1961, Movies

Chronique d’un été – Paris 1960 (1961, Edgar Morin, Jean Rouch)

It’s funny that the opening scene of the film which ostensibly invented Cinema Verite appears to be staged.

By some definitions, that isn’t a problem, as Cinema Verite might just mean unscripted with no plot, depending upon who is talking about it. But still, it’s interesting that a film like this has these planned scenes. It just goes to show, nothing is ever born in work moment or one work of art.

The film is mostly interviews with a group of people – including members of the crew – though, initially, it displays attempts to find people to interview. (I don’t know how staged that is.) This particular summer was significant for France, and there is some talk about what was going on in the war with Algeria, for example.

But much of the talk is more about ennui. It might seem like a cliche, but it might just be that this film helped popularize the idea that the French are perpetually unhappy. There are multiple people in this film who appear to be struggling with some kind of mental health issue – one in particular – and some of what transpires can be hard to watch. (At least with the benefit of 2020 vision – sorry – knowing what we know now about depression and the like.)
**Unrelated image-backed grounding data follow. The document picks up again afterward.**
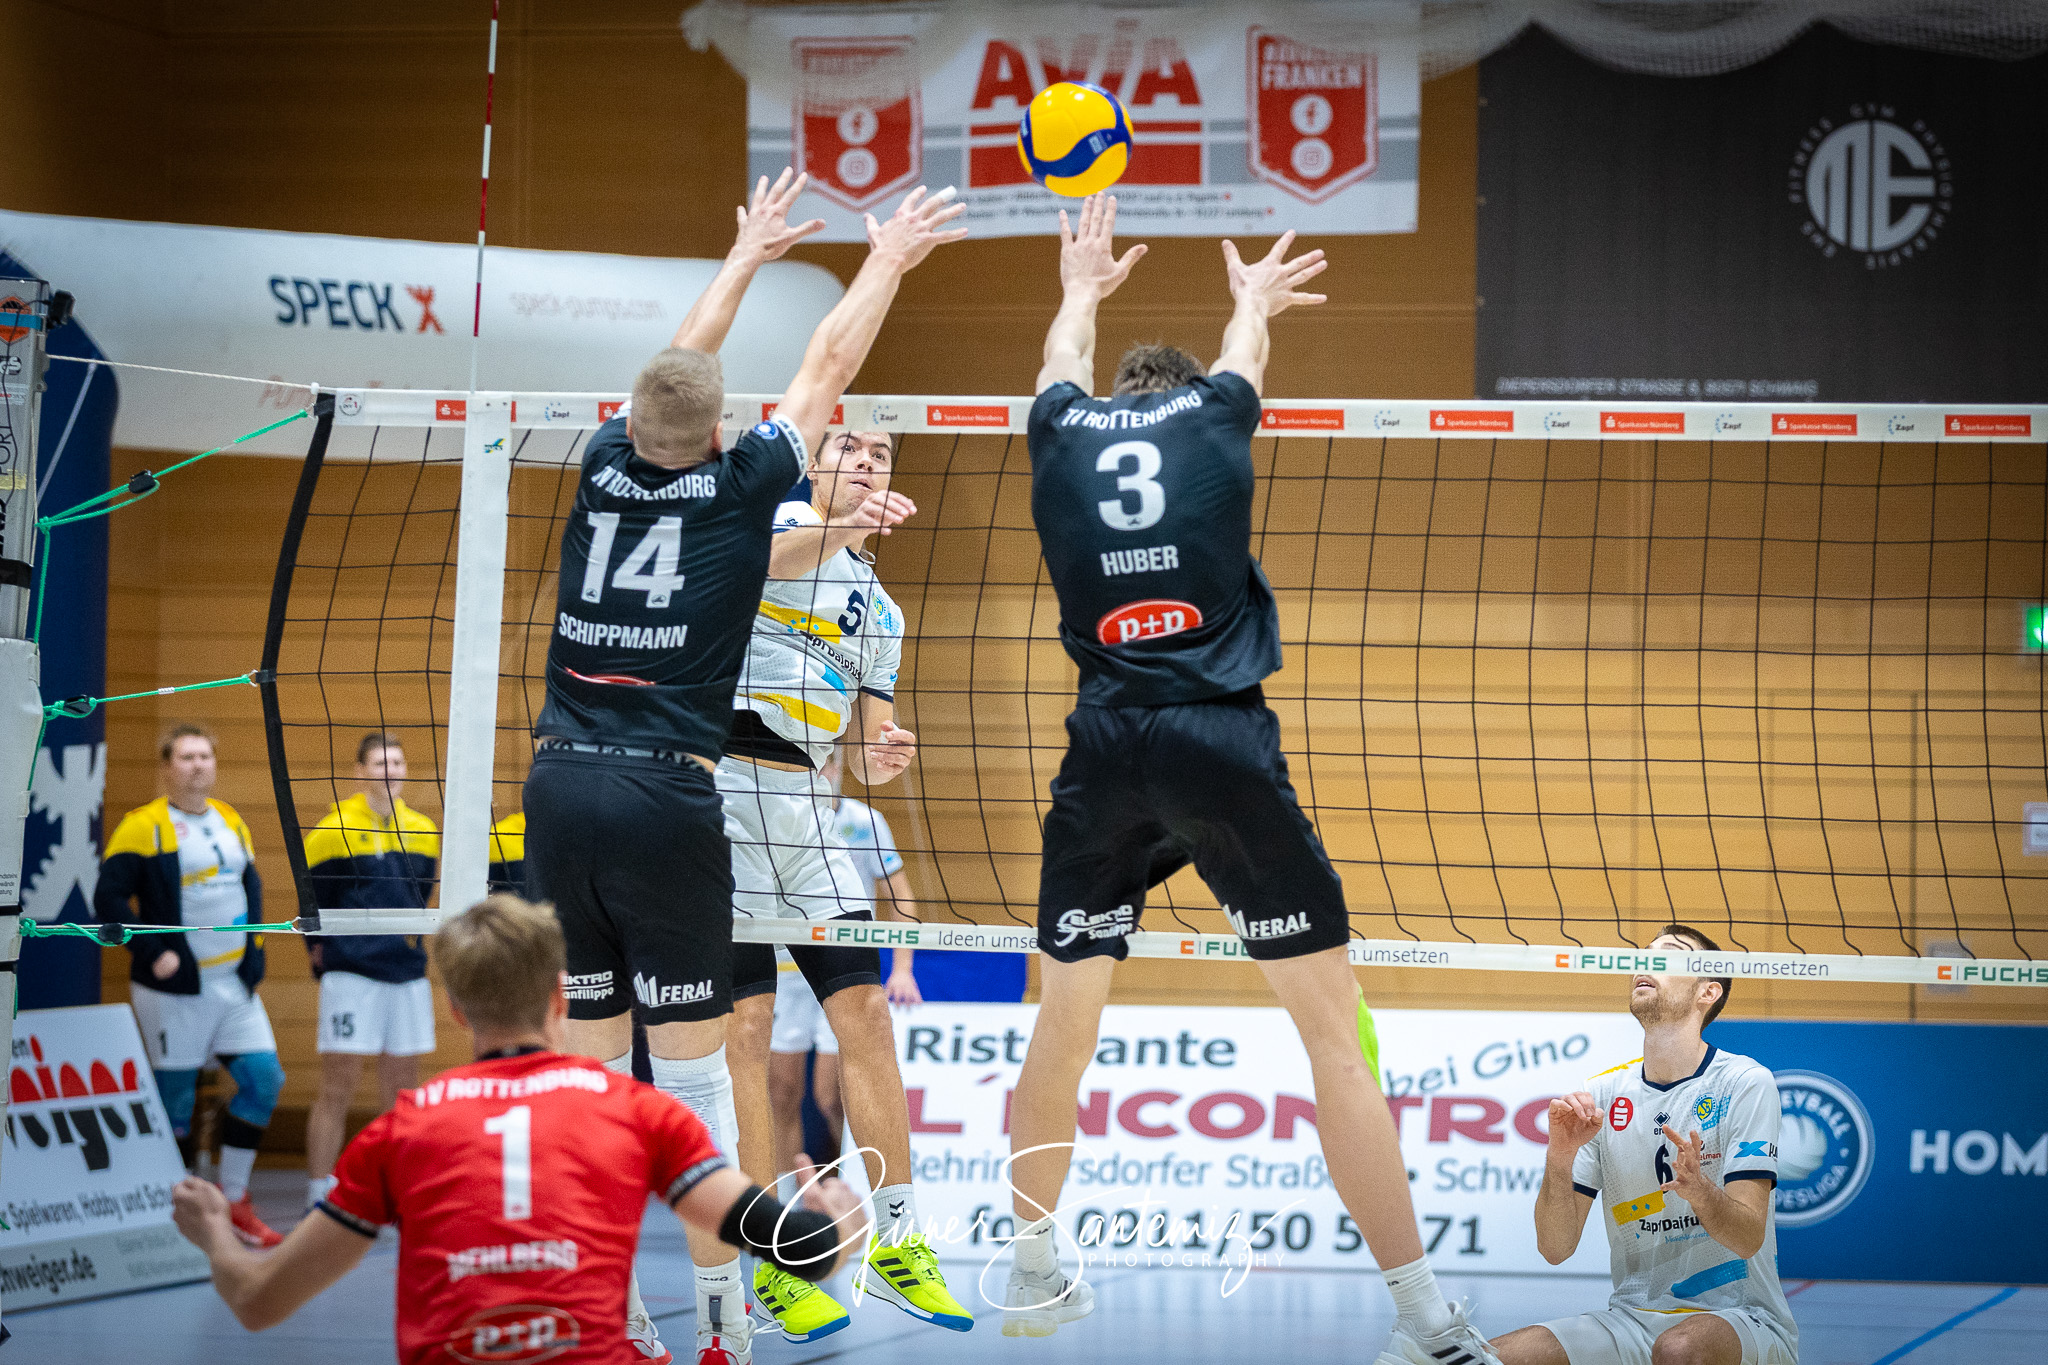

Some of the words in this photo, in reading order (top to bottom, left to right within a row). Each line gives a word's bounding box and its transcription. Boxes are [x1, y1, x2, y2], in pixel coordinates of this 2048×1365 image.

[269, 275, 405, 334] SPECK
[551, 410, 570, 420] Zapf
[879, 413, 898, 423] Zapf
[945, 413, 974, 423] Sparkasse
[1083, 389, 1203, 430] ROTTENBURG
[1278, 417, 1309, 426] Sparkasse
[1381, 417, 1401, 427] Zapf
[1447, 418, 1478, 428] Sparkasse
[1551, 419, 1570, 429] Zapf
[1617, 420, 1649, 430] Sparkasse
[1722, 421, 1742, 431] Zapf
[1789, 422, 1821, 432] Sparkasse
[1895, 423, 1915, 433] Zapf
[1962, 423, 1994, 433] Sparkasse
[1095, 440, 1166, 532] 3
[581, 511, 685, 609] 14
[1100, 545, 1179, 577] HUBER
[838, 589, 867, 636] 5
[558, 612, 688, 650] SCHIPPMANN
[1117, 608, 1185, 643] p+p
[1249, 911, 1312, 937] FERAL
[837, 927, 920, 945] FUCHS
[938, 930, 985, 948] Ideen
[991, 934, 1038, 949] umse
[1363, 948, 1449, 965] umsetzen
[1581, 954, 1667, 972] FUCHS
[1686, 956, 1737, 975] Ideen
[1742, 959, 1829, 977] umsetzen
[562, 970, 613, 986] EKTRO
[1963, 966, 2048, 984] FUCHS
[562, 986, 614, 1001] anfilippo
[660, 979, 714, 1003] FERAL
[331, 1013, 356, 1038] 15
[158, 1031, 168, 1055] 1
[907, 1025, 1236, 1066] Ristante
[1386, 1056, 1458, 1098] bei
[1472, 1033, 1591, 1080] Gino
[415, 1080, 445, 1108] TV
[446, 1067, 609, 1101] ROTTENBURG
[1781, 1089, 1851, 1140] EYBALL
[484, 1105, 532, 1221] 1
[1654, 1143, 1674, 1194] 6
[1776, 1165, 1847, 1210] DESLIGA
[121, 1188, 146, 1214] und
[1639, 1215, 1704, 1235] ZapfDaifu
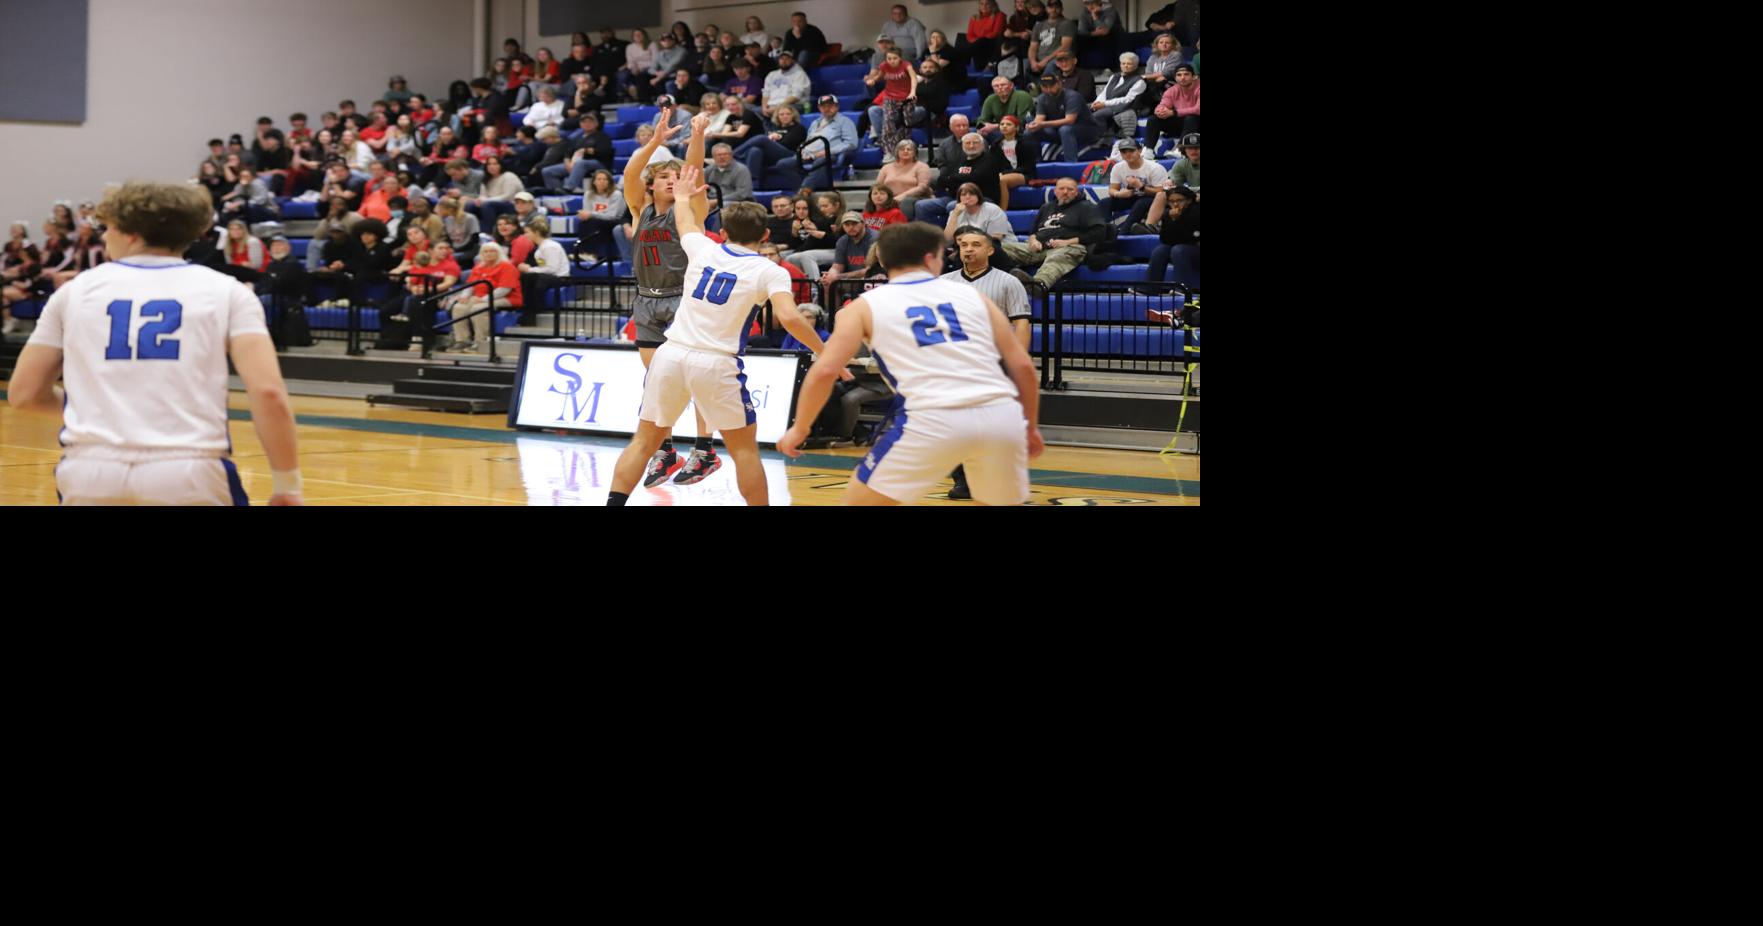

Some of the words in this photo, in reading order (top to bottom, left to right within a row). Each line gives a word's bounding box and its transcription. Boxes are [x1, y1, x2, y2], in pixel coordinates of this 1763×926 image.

[643, 245, 661, 266] 11
[691, 266, 738, 305] 10
[105, 299, 183, 360] 12
[905, 302, 969, 347] 21
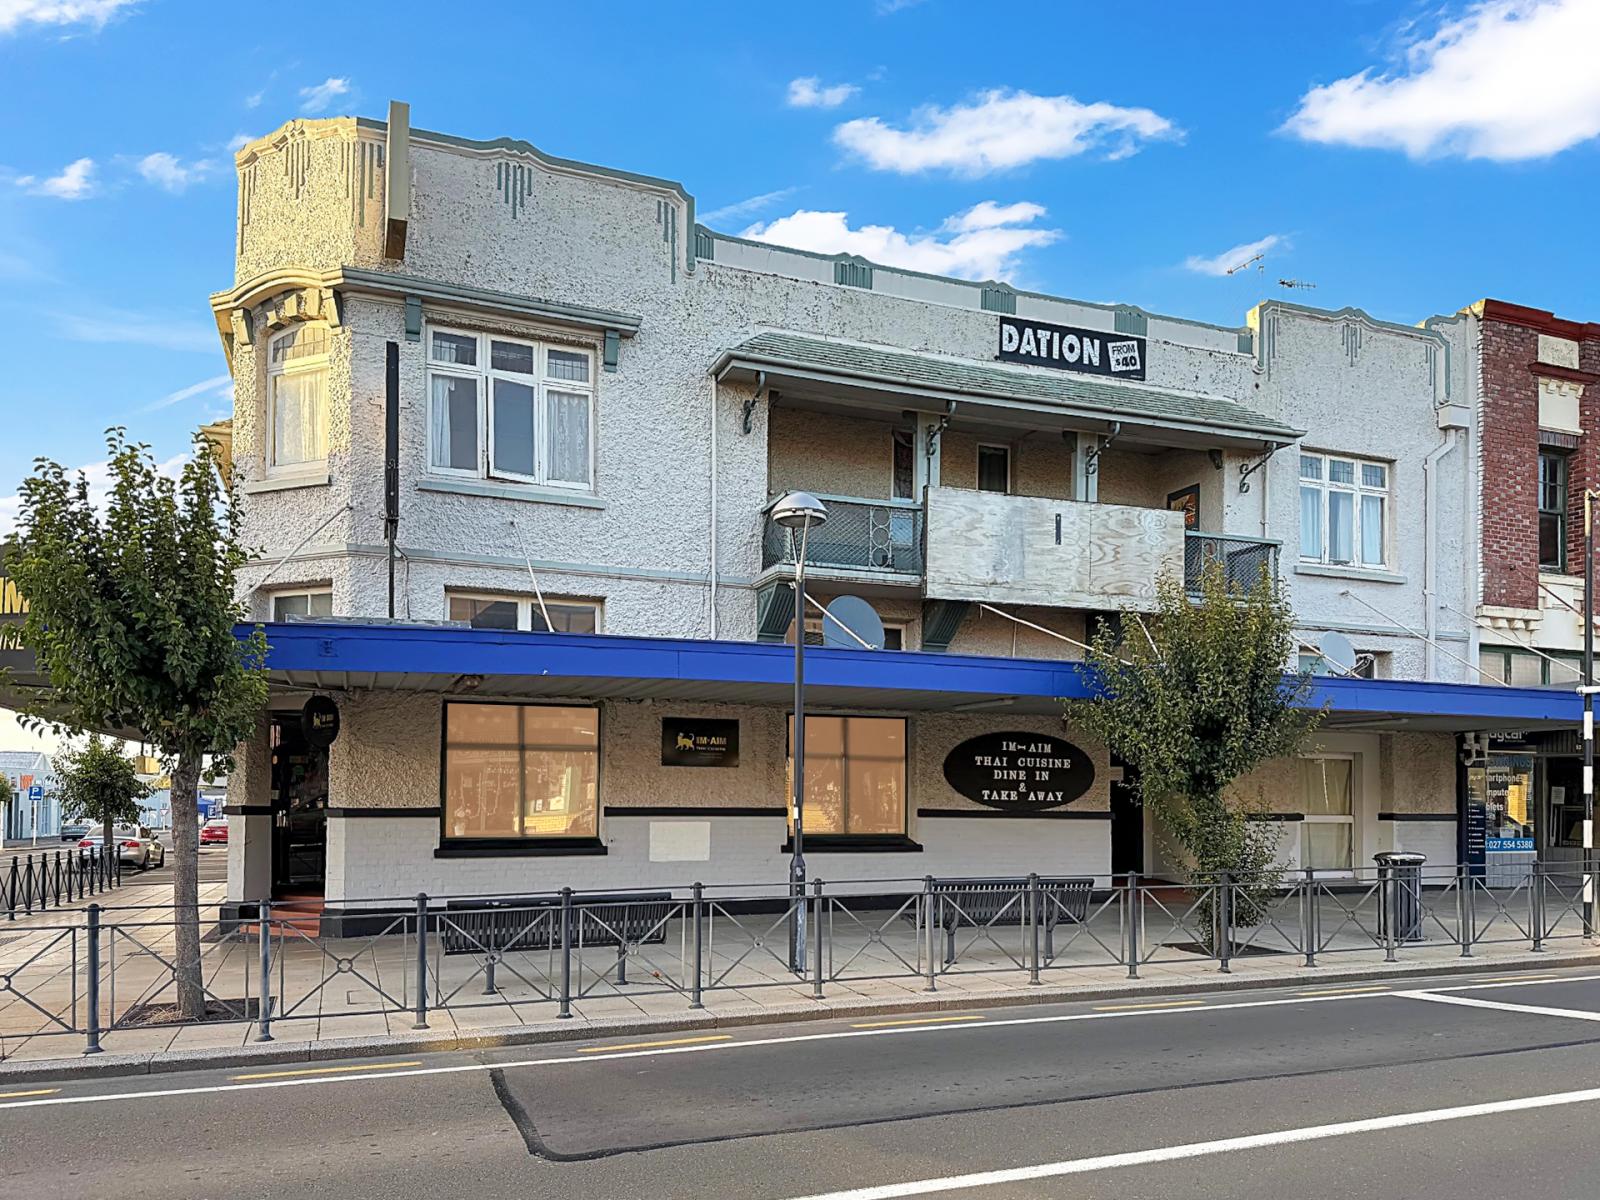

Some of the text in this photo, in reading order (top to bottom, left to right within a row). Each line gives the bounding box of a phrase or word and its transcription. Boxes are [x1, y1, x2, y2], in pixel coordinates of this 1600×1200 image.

[1001, 323, 1101, 367] DATION
[1111, 344, 1136, 356] FROM
[1115, 357, 1137, 369] $40
[974, 756, 1071, 769] THAI CUISINE
[993, 770, 1050, 781] DINE IN
[32, 787, 40, 795] P
[1018, 782, 1027, 793] &
[981, 790, 1064, 801] TAKE AWAY
[1503, 840, 1515, 849] 554
[1516, 840, 1533, 849] 5380
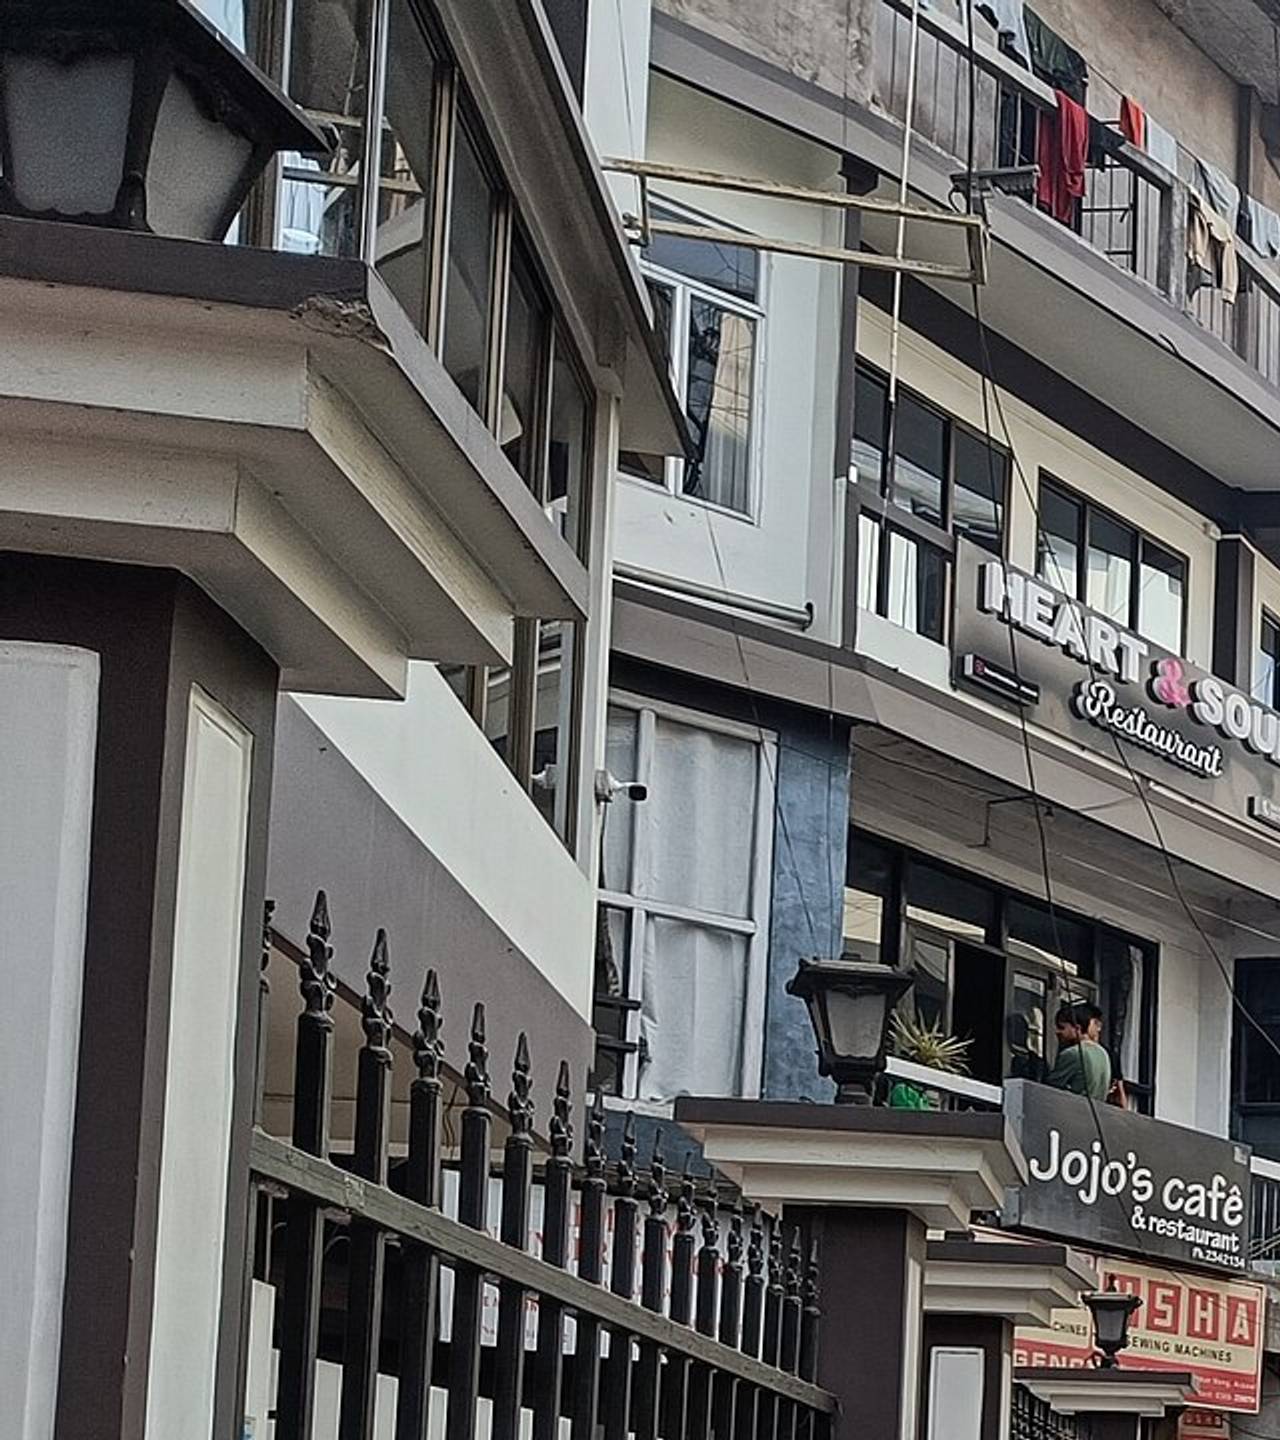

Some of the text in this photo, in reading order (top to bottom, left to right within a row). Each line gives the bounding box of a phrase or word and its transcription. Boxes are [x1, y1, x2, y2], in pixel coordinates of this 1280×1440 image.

[979, 560, 1148, 684] HEART
[1150, 656, 1194, 709] &
[1078, 679, 1224, 778] Restaurant
[1029, 1129, 1154, 1206] Jojo's
[1130, 1204, 1240, 1253] & restaurant
[1053, 1320, 1089, 1338] CHINES
[1113, 1279, 1251, 1342] SHA
[1173, 1342, 1233, 1363] MACHINES
The film is shockingly meta, and too much for my tastes, for a film that is a documentary anyway. The filmmakers appear to have had genuine trepidation that anyone would care about what they were doing and so they discuss the nature of the film they are making at least three times. That might have seemed interesting at the time but this part has held up the least well, because Cinema Verite is very much a thing now but also because filmmakers talking about their decisions in the film they are making is bit annoying, at least for me.

So this is absolutely a landmark film, to the best of my knowledge. But time and its own influence has really dulled its impact 60 years on. I know it helped start a movement and I know that documentary – especially footage of people just talking – wasn’t that popular in 1961, but I still struggled to be engaged as much as I would have liked. (Michel Brault, one of the cinematographers, went on to make numerous documentaries, some of which I have seen and found more engaging.)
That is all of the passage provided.